### Task statement
A word-for-word copy of the entries is the only acceptable reply.

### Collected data
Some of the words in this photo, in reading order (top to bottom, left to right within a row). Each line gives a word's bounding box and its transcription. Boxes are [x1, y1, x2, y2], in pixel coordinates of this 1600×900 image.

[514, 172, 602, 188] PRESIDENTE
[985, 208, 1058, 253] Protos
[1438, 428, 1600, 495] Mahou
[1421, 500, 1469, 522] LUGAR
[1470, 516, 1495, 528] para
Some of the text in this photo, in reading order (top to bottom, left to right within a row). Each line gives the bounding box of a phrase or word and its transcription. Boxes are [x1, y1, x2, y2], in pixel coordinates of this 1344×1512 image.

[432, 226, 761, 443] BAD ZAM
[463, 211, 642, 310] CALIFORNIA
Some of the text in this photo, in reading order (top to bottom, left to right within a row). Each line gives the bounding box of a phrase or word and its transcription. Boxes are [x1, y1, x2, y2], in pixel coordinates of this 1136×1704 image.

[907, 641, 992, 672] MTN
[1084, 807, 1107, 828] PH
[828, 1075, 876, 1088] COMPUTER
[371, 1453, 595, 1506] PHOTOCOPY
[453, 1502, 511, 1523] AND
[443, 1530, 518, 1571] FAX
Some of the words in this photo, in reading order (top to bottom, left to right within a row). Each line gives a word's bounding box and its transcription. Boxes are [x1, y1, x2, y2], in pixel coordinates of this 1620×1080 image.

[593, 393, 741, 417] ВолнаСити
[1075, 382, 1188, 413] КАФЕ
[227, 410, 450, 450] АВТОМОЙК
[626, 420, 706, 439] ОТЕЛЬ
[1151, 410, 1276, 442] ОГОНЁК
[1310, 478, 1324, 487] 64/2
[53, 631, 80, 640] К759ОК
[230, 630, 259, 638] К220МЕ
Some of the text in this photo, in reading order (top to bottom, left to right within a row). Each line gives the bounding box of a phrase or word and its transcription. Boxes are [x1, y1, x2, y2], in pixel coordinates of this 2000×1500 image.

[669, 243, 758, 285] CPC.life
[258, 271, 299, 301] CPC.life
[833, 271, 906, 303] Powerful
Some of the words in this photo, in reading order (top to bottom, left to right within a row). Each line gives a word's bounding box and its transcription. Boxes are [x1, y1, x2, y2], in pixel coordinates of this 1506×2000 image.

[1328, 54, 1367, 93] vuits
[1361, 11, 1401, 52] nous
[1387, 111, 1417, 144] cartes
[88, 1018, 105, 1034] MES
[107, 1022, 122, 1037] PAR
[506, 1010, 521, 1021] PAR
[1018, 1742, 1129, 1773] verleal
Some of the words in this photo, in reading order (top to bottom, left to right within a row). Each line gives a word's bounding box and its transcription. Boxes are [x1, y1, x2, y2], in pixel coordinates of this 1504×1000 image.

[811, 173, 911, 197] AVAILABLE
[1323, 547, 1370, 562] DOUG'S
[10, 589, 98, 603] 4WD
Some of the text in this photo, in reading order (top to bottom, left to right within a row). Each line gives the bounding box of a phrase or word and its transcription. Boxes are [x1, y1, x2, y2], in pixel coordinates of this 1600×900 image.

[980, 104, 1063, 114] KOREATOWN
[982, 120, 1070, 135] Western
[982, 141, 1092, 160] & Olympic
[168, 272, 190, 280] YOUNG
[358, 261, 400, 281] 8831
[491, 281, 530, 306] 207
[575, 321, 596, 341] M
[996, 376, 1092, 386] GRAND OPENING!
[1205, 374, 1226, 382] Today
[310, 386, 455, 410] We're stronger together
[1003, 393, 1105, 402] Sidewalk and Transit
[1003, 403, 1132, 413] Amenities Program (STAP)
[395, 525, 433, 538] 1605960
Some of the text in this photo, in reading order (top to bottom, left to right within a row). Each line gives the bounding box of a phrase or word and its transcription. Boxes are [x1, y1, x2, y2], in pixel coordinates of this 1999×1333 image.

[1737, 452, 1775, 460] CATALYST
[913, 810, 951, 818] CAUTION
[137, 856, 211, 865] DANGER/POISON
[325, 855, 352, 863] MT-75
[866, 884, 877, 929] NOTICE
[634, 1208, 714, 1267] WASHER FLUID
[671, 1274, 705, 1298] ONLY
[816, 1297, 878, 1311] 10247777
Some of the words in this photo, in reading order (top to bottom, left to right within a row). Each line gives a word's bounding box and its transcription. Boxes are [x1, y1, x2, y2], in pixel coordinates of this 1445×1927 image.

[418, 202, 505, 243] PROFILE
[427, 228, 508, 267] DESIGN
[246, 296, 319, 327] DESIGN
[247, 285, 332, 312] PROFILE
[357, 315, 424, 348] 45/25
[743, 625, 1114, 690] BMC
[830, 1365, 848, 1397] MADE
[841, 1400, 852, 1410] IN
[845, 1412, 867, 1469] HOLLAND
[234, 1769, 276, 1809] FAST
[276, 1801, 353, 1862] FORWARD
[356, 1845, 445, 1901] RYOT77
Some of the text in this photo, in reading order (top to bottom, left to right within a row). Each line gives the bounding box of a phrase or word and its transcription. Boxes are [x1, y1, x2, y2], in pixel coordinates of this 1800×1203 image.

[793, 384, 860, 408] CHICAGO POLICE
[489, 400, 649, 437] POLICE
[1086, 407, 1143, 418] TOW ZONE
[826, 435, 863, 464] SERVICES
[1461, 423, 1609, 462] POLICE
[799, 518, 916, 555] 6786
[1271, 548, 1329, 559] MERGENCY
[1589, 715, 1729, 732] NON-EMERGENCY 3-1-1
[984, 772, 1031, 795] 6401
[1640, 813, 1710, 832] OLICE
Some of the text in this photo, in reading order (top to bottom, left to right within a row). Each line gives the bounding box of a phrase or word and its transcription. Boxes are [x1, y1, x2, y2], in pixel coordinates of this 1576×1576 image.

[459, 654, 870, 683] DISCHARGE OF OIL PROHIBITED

### Solution
Some of the words in this photo, in reading order (top to bottom, left to right within a row). Each line gives a word's bounding box and its transcription. Boxes are [x1, y1, x2, y2], in pixel coordinates of this 1600×900 image.

[514, 172, 602, 188] PRESIDENTE
[985, 208, 1058, 253] Protos
[1438, 428, 1600, 495] Mahou
[1421, 500, 1469, 522] LUGAR
[1470, 516, 1495, 528] para
Some of the text in this photo, in reading order (top to bottom, left to right within a row). Each line gives the bounding box of a phrase or word and its transcription. Boxes are [x1, y1, x2, y2], in pixel coordinates of this 1344×1512 image.

[432, 226, 761, 443] BAD ZAM
[463, 211, 642, 310] CALIFORNIA
Some of the text in this photo, in reading order (top to bottom, left to right within a row). Each line gives the bounding box of a phrase or word and its transcription. Boxes are [x1, y1, x2, y2], in pixel coordinates of this 1136×1704 image.

[907, 641, 992, 672] MTN
[1084, 807, 1107, 828] PH
[828, 1075, 876, 1088] COMPUTER
[371, 1453, 595, 1506] PHOTOCOPY
[453, 1502, 511, 1523] AND
[443, 1530, 518, 1571] FAX
Some of the words in this photo, in reading order (top to bottom, left to right within a row). Each line gives a word's bounding box and its transcription. Boxes are [x1, y1, x2, y2], in pixel coordinates of this 1620×1080 image.

[593, 393, 741, 417] ВолнаСити
[1075, 382, 1188, 413] КАФЕ
[227, 410, 450, 450] АВТОМОЙК
[626, 420, 706, 439] ОТЕЛЬ
[1151, 410, 1276, 442] ОГОНЁК
[1310, 478, 1324, 487] 64/2
[53, 631, 80, 640] К759ОК
[230, 630, 259, 638] К220МЕ
Some of the text in this photo, in reading order (top to bottom, left to right within a row). Each line gives the bounding box of a phrase or word and its transcription. Boxes are [x1, y1, x2, y2], in pixel coordinates of this 2000×1500 image.

[669, 243, 758, 285] CPC.life
[258, 271, 299, 301] CPC.life
[833, 271, 906, 303] Powerful
Some of the words in this photo, in reading order (top to bottom, left to right within a row). Each line gives a word's bounding box and its transcription. Boxes are [x1, y1, x2, y2], in pixel coordinates of this 1506×2000 image.

[1328, 54, 1367, 93] vuits
[1361, 11, 1401, 52] nous
[1387, 111, 1417, 144] cartes
[88, 1018, 105, 1034] MES
[107, 1022, 122, 1037] PAR
[506, 1010, 521, 1021] PAR
[1018, 1742, 1129, 1773] verleal
Some of the words in this photo, in reading order (top to bottom, left to right within a row). Each line gives a word's bounding box and its transcription. Boxes are [x1, y1, x2, y2], in pixel coordinates of this 1504×1000 image.

[811, 173, 911, 197] AVAILABLE
[1323, 547, 1370, 562] DOUG'S
[10, 589, 98, 603] 4WD
Some of the text in this photo, in reading order (top to bottom, left to right within a row). Each line gives the bounding box of a phrase or word and its transcription. Boxes are [x1, y1, x2, y2], in pixel coordinates of this 1600×900 image.

[980, 104, 1063, 114] KOREATOWN
[982, 120, 1070, 135] Western
[982, 141, 1092, 160] & Olympic
[168, 272, 190, 280] YOUNG
[358, 261, 400, 281] 8831
[491, 281, 530, 306] 207
[575, 321, 596, 341] M
[996, 376, 1092, 386] GRAND OPENING!
[1205, 374, 1226, 382] Today
[310, 386, 455, 410] We're stronger together
[1003, 393, 1105, 402] Sidewalk and Transit
[1003, 403, 1132, 413] Amenities Program (STAP)
[395, 525, 433, 538] 1605960
Some of the text in this photo, in reading order (top to bottom, left to right within a row). Each line gives the bounding box of a phrase or word and its transcription. Boxes are [x1, y1, x2, y2], in pixel coordinates of this 1999×1333 image.

[1737, 452, 1775, 460] CATALYST
[913, 810, 951, 818] CAUTION
[137, 856, 211, 865] DANGER/POISON
[325, 855, 352, 863] MT-75
[866, 884, 877, 929] NOTICE
[634, 1208, 714, 1267] WASHER FLUID
[671, 1274, 705, 1298] ONLY
[816, 1297, 878, 1311] 10247777
Some of the words in this photo, in reading order (top to bottom, left to right within a row). Each line gives a word's bounding box and its transcription. Boxes are [x1, y1, x2, y2], in pixel coordinates of this 1445×1927 image.

[418, 202, 505, 243] PROFILE
[427, 228, 508, 267] DESIGN
[246, 296, 319, 327] DESIGN
[247, 285, 332, 312] PROFILE
[357, 315, 424, 348] 45/25
[743, 625, 1114, 690] BMC
[830, 1365, 848, 1397] MADE
[841, 1400, 852, 1410] IN
[845, 1412, 867, 1469] HOLLAND
[234, 1769, 276, 1809] FAST
[276, 1801, 353, 1862] FORWARD
[356, 1845, 445, 1901] RYOT77
Some of the text in this photo, in reading order (top to bottom, left to right within a row). Each line gives the bounding box of a phrase or word and its transcription. Boxes are [x1, y1, x2, y2], in pixel coordinates of this 1800×1203 image.

[793, 384, 860, 408] CHICAGO POLICE
[489, 400, 649, 437] POLICE
[1086, 407, 1143, 418] TOW ZONE
[826, 435, 863, 464] SERVICES
[1461, 423, 1609, 462] POLICE
[799, 518, 916, 555] 6786
[1271, 548, 1329, 559] MERGENCY
[1589, 715, 1729, 732] NON-EMERGENCY 3-1-1
[984, 772, 1031, 795] 6401
[1640, 813, 1710, 832] OLICE
Some of the text in this photo, in reading order (top to bottom, left to right within a row). Each line gives the bounding box of a phrase or word and its transcription. Boxes are [x1, y1, x2, y2], in pixel coordinates of this 1576×1576 image.

[459, 654, 870, 683] DISCHARGE OF OIL PROHIBITED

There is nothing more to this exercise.